On some days, when the water is low in the Clark Canyon Reservoir, you can still see parts of Armstead, Montana - a bit here and there of the old US Highway 91, a section of submerged track that once belonged to the Union Pacific Railroad, even some foundations of buildings in which the people of Armstead used to live, sleep, worship and do business.
Armstead's not quite a ghost town in the traditional sense. Generally we think of a ghost town as a place where economic prospects dried up, or some broad force of history made living there untenable until, gradually, people started to move away. Indeed, Armstead was an entirely viable community at the time it was abandoned - and had been since 1907. Rather, what happened to Armstead happened all at once, as in 1962 the establishment of the Clark Canyon Dam created a new body of water over the townsite of Armstead.
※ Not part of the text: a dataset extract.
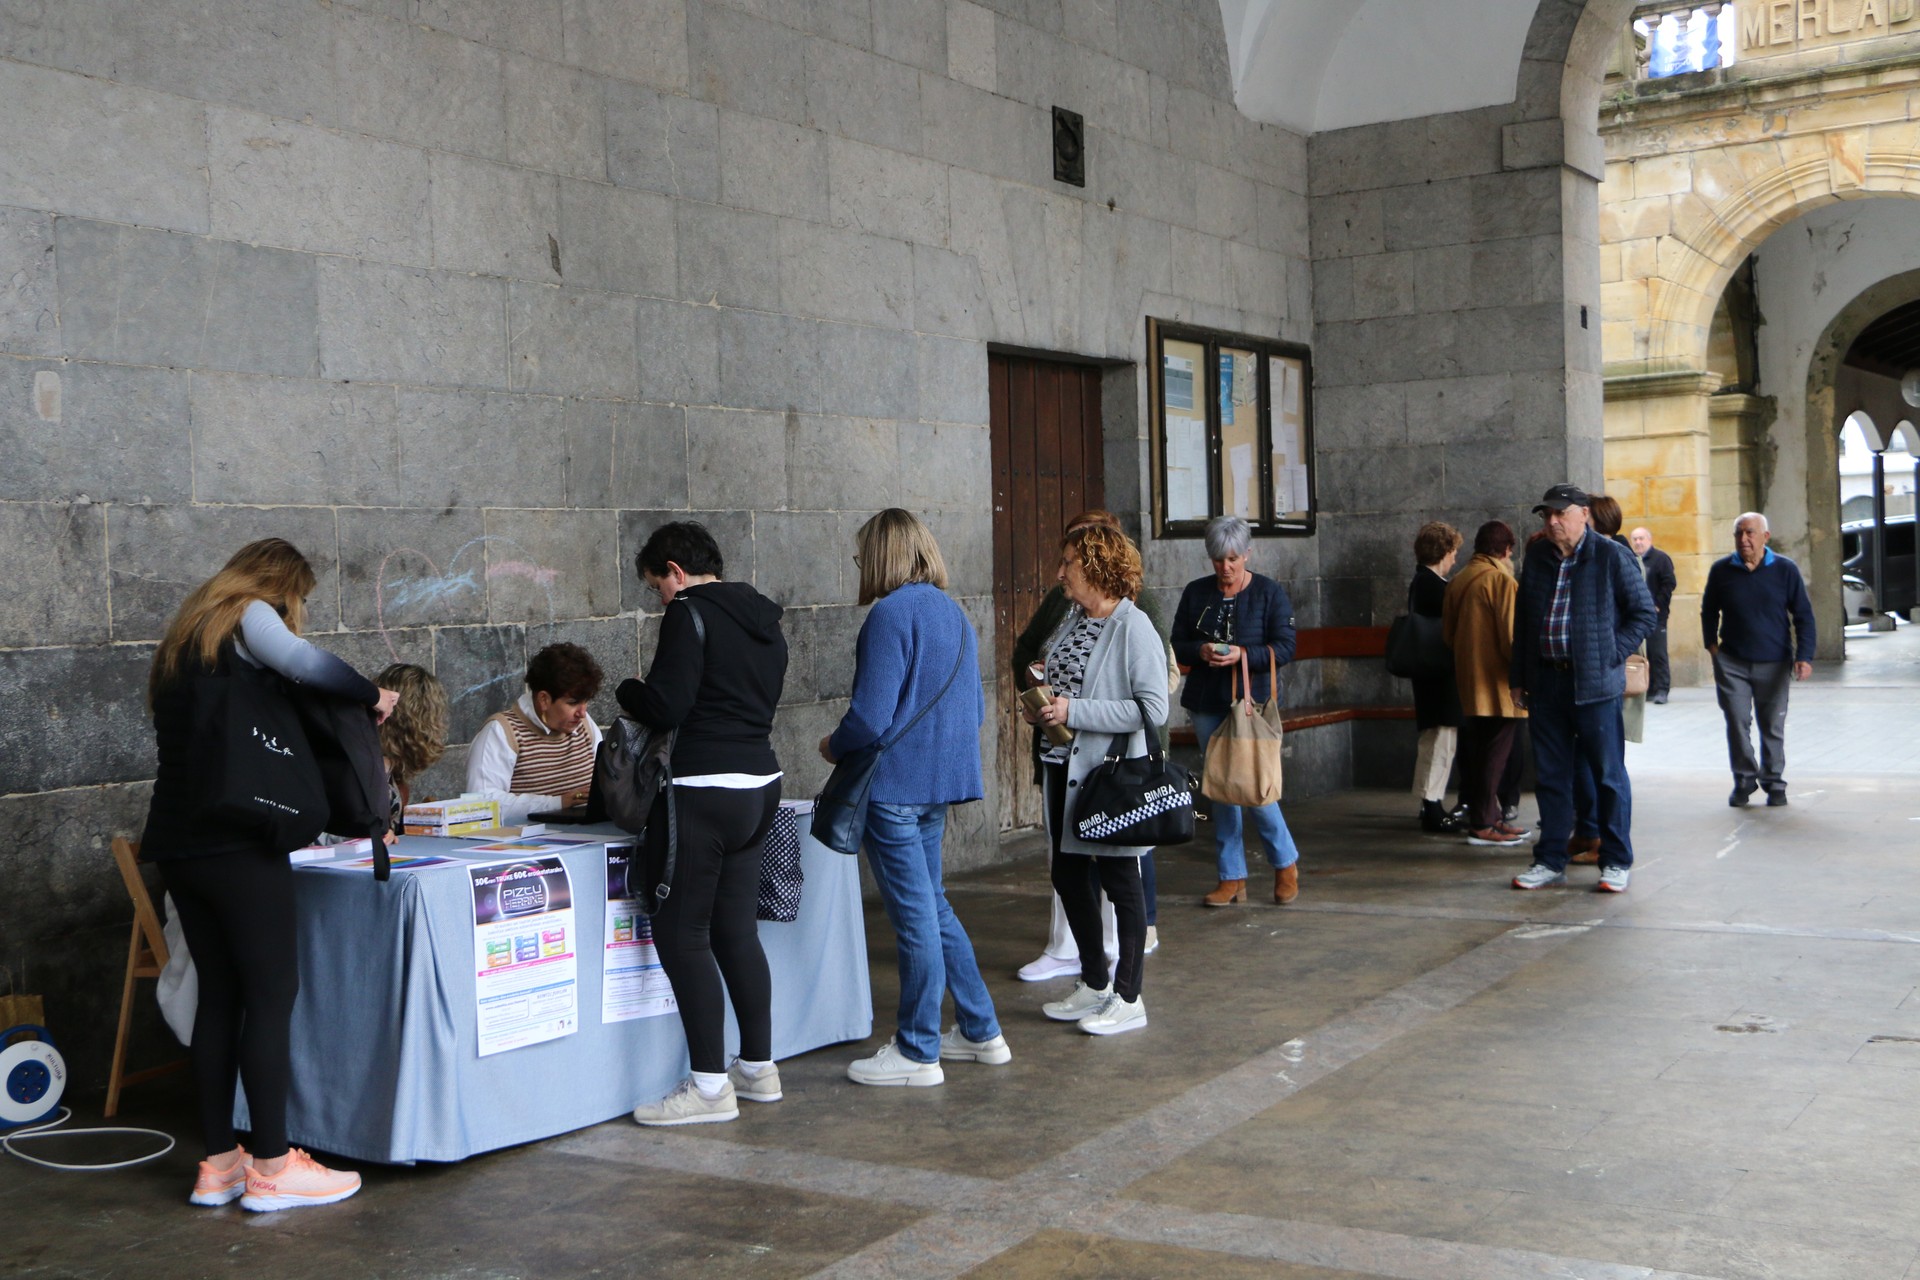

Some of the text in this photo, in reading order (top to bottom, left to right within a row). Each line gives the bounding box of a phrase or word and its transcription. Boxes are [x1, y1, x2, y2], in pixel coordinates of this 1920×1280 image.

[1144, 783, 1177, 803] BIMBA
[1079, 811, 1109, 832] BIMBA
[514, 870, 528, 880] 60€
[252, 1180, 277, 1192] HOKA
The location has been steeped in history for centuries - it's close to one of the places where the Lewis and Clark expedition camped and where they encountered a lone Shoshone rider in 1805. According to Names on the Face of Montana, the indispensable guide to Montana's place names by Roberta Carkeek Cheney, "The town was named for Harry Armstead, a miner who developed the Silver Fissure Mine at Polaris." In addition, it was an important terminus for the Idaho to Butte stretch of the Gilmore and Pittsburg Railroad.
In the picture, townspeople look on as the first blast signals the groundbreaking of the dam on October 1st, 1961. By that time, many of the original buildings had been moved and its townspeople resettled. Construction of the dam was complete in 1964.
The occasion captured in the photograph must have been bittersweet - the dam would allow downstream irrigation and protect against flooding. Still, for many, it also meant saying goodbye to their homes. In some cases, families must have been living there for generations.
There is no change without loss. If Armstead hosts any ghosts today, they make their forlorn rounds underwater.